Boromir was trying to simultaneously cover his modesty with his hands, and get away from the cold water. The bath had to be better than this, and he allowed himself to be dragged back upstairs again, to be greeted by yet another fresh tub of water, the last lot having been turned brown. He turned to look at Legolas and Aragorn.

“You can get in, or we can throw you in.”

Boromir gingerly lifted his leg and dipped a toe in the water. “AAAAAAAAAAAAH! It burns! It burns!”

“Oh, sorry, I’ll run some cold in.”

When the bath had been reduced to a temperature more suited to Boromir, he sat in the bath scowling.

“Are you going to wash yourself, or are we going to have to do it for you?”

Boromir picked up the loofah and brought it to within a few millimetres of his arm and waved it up and down a bit.

“No, wash properly.”

Boromir made some grumbling noises, but proceeded to wash himself.


A clean, fresh scented Boromir, dressed in Aragorn’s cast-offs, was sat in the sitting room.

“We need to sort out where you’re going to sleep.”

“Not in my room.” Legolas was very firm about this. Legolas and Boromir had inhabited each other’s minds and knew rather more about each other than they ever really wanted. So they were trying to, as politely as possible, avoid each other.

“He can sleep on the sofa.”

“That’s that sorted then. Now, Boromir, how much do you know about life in the twenty-first century?”

“Licentiousness. Lack of honour. Strange machines that go ‘ping’. Fornication in the streets-”

“You shouldn’t take Pippin as an example.”

“Ok, fornication.”

“What about art and literature and culture?”

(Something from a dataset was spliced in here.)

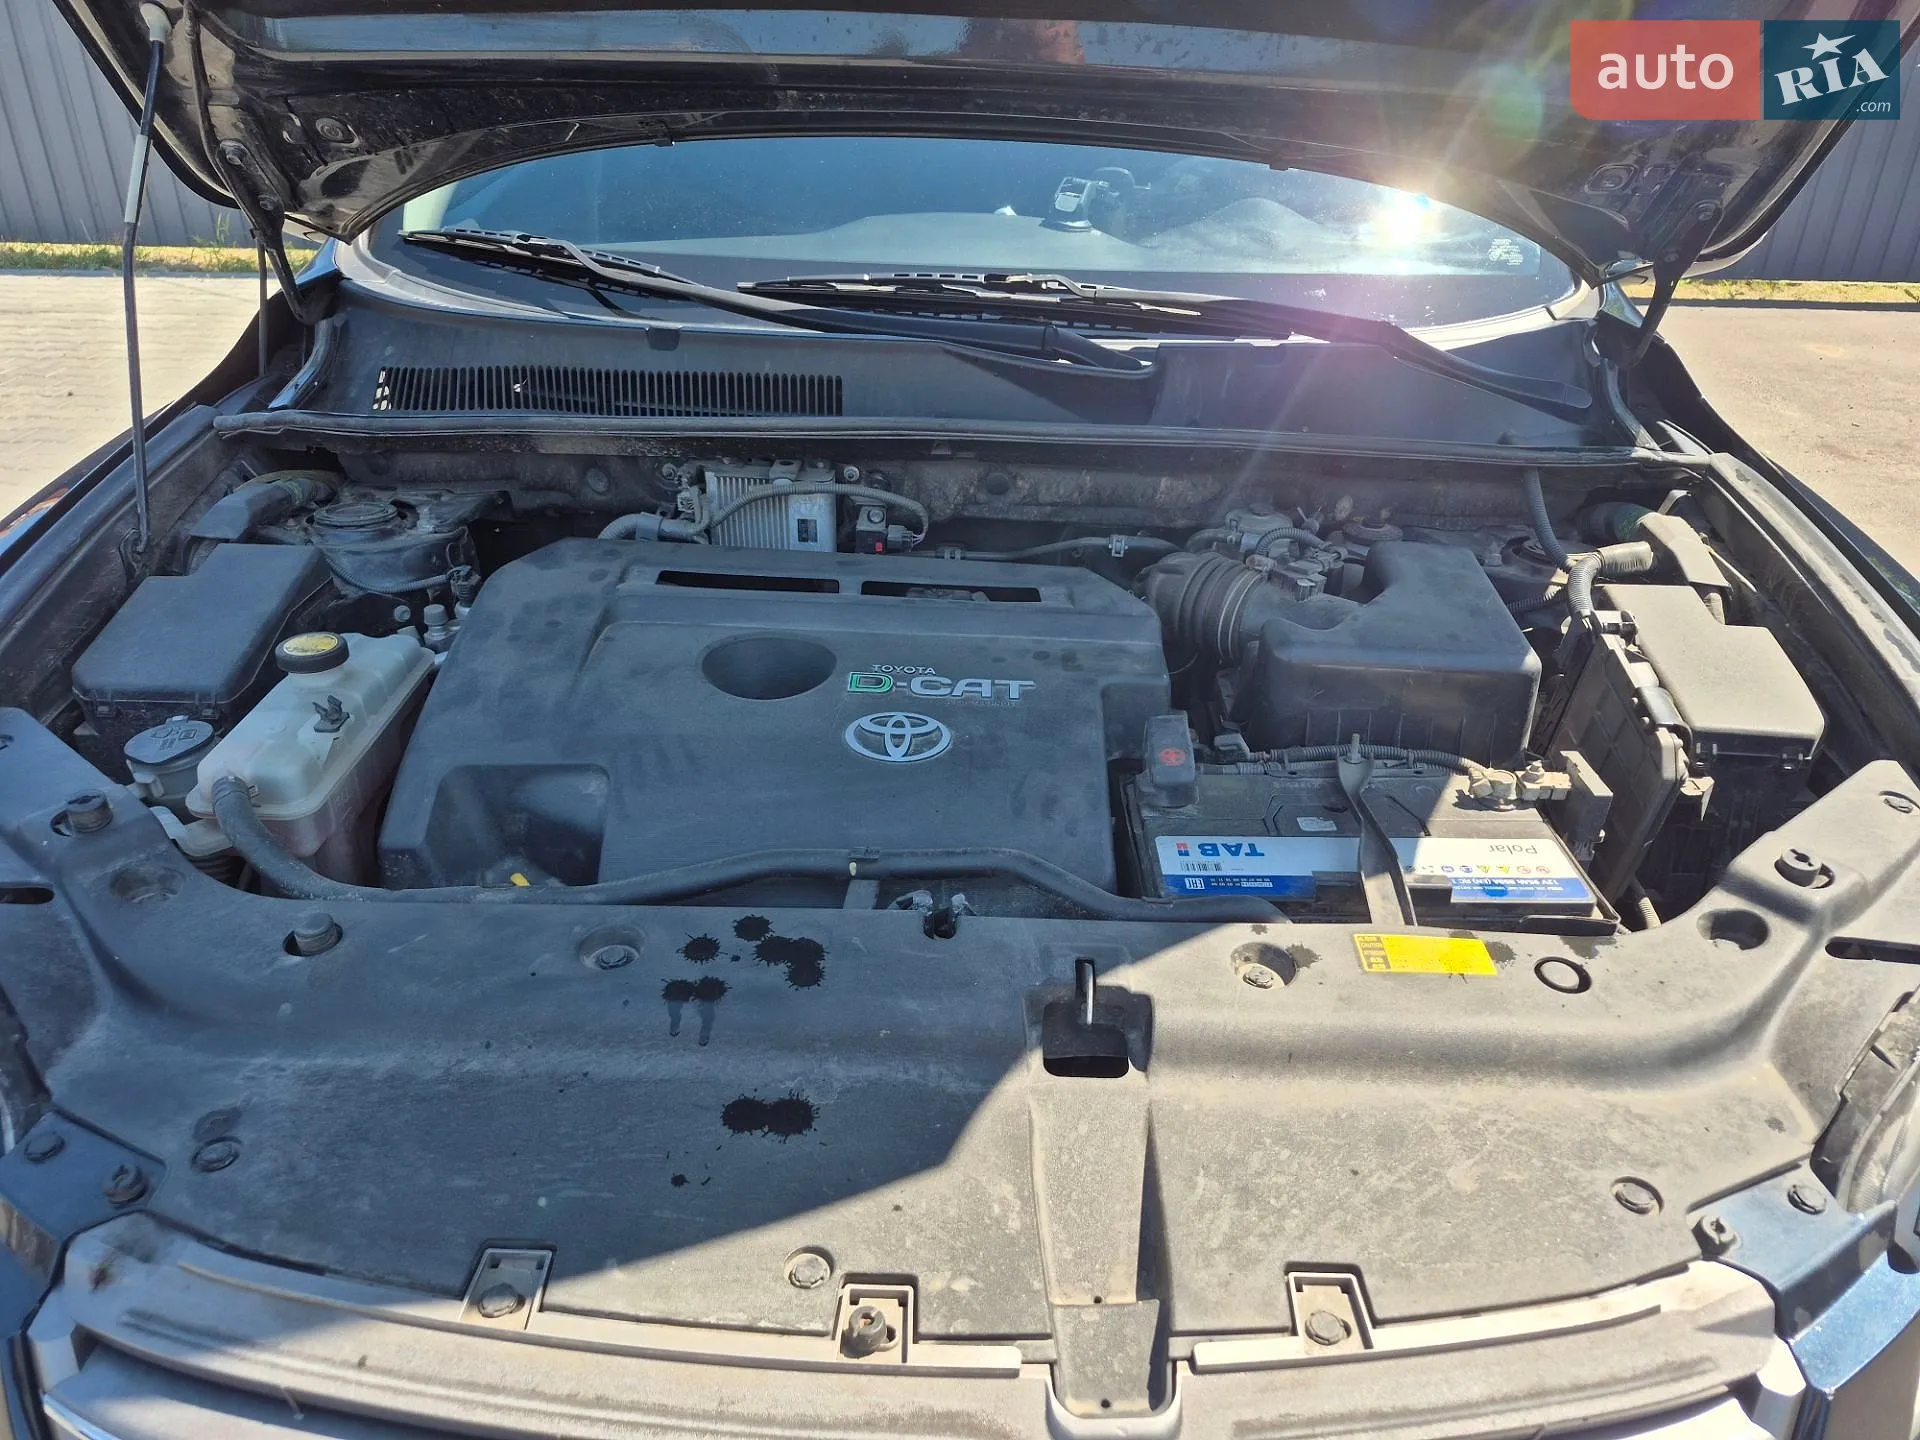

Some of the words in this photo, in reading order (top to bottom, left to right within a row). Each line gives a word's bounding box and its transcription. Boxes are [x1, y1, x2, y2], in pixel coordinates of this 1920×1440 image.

[872, 664, 936, 675] TOYOTA
[846, 671, 1036, 700] D-CAT
[1197, 842, 1265, 857] TAB
[1488, 844, 1538, 856] Polar

“You’d have to ask Faramir.”

“Oh, yes, there was a note on the fridge for you, ‘please, please come back Boromir, Eowyn’s being mean’.”

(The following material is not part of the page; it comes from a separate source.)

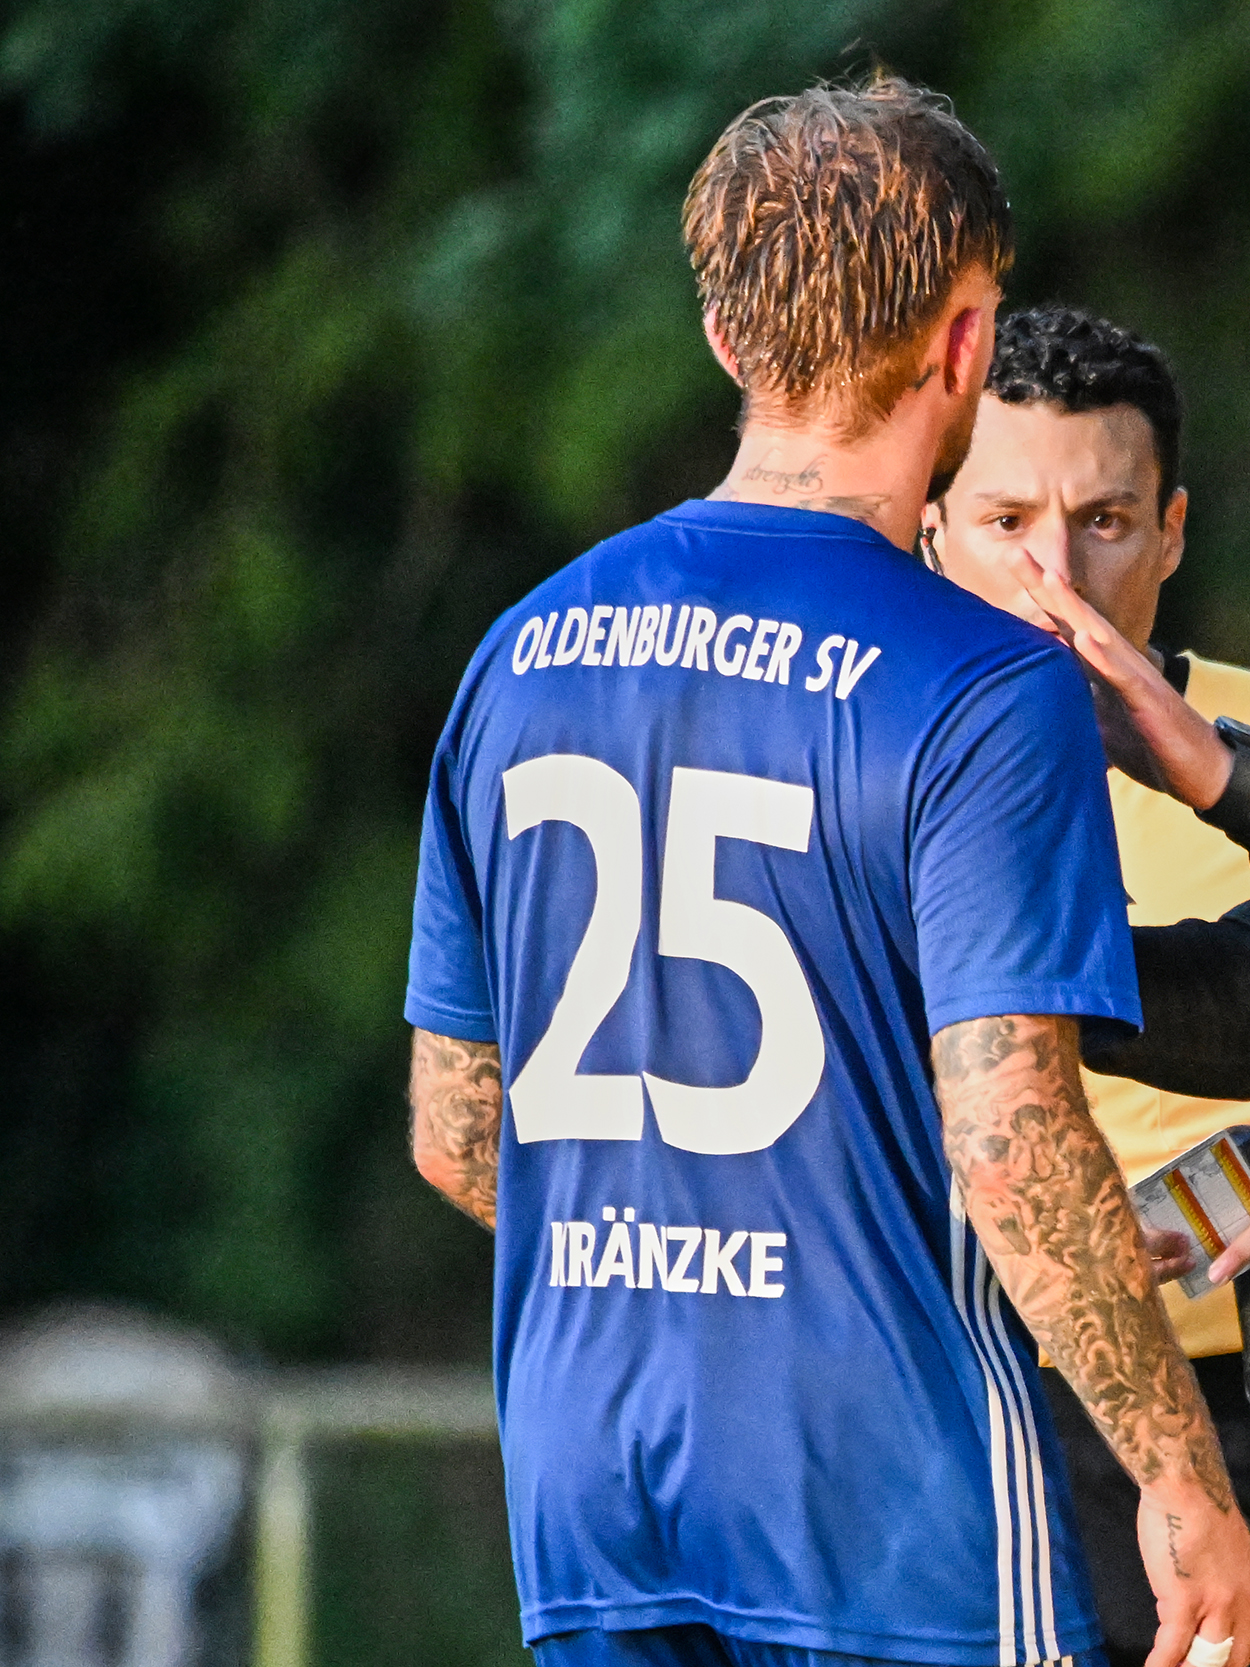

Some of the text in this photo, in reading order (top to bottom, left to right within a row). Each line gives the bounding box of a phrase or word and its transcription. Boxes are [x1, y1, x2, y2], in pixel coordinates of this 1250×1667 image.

[512, 604, 882, 700] OLDENBURGER SV
[502, 753, 825, 1156] 25

“Ignore it. She’ll have been pulling his hair again.”

“We need to teach you about modern life. How to cope. What you can and can’t do. I mean, for example, you can’t punch people in the street anymore.”

“You can’t?” Pippin looked genuinely shocked.

“And you can’t grope women just because they’re wearing revealing clothes.”

“Since when?” This was educational for Pippin as well.

“Reasonably frequent bathing is the norm.”

Boromir looked worried. There seemed to be a good deal of explaining left to do.


“…and those are the basic principles of Feminism.”


“It’s amazing how two men as butch as Aragorn and Boromir both scream like girls.”

Frodo was exuding smugness at recalling all the basics of the ‘Feminist Theory’ evening class, while Aragorn was holding a paper bag to the face of a hyperventilating Boromir. After about fifteen minutes Boromir had calmed down, and the lesson continued.

“Wearing armour in public is regarded as odd. Carrying weapons in public is illegal.”

“Um, has Gandalf been in prison a lot?”

“Not as often as you’d think. He’s got many identities and can convince juries that he’s weak, feeble and dying.”

“But, you should try and avoid prison. I mean you might be sharing a cell with him. Last time he was Inside he managed to get four consecutive cellmates put on suicide watch.”

There was a collective shudder.

“You’ll have to remember that you’re no longer rich, powerful or noble. Remember the people who lived in the First Circle? You’re like them, now. But with much better plumbing.”

“You may be first circle, but I think I’m second circle at least.”

“Ok, lets not bicker. You’re working class now.”

“I thought this was a classless society.”

“And even if it isn’t, I think forest ranger makes me lower-middle class.”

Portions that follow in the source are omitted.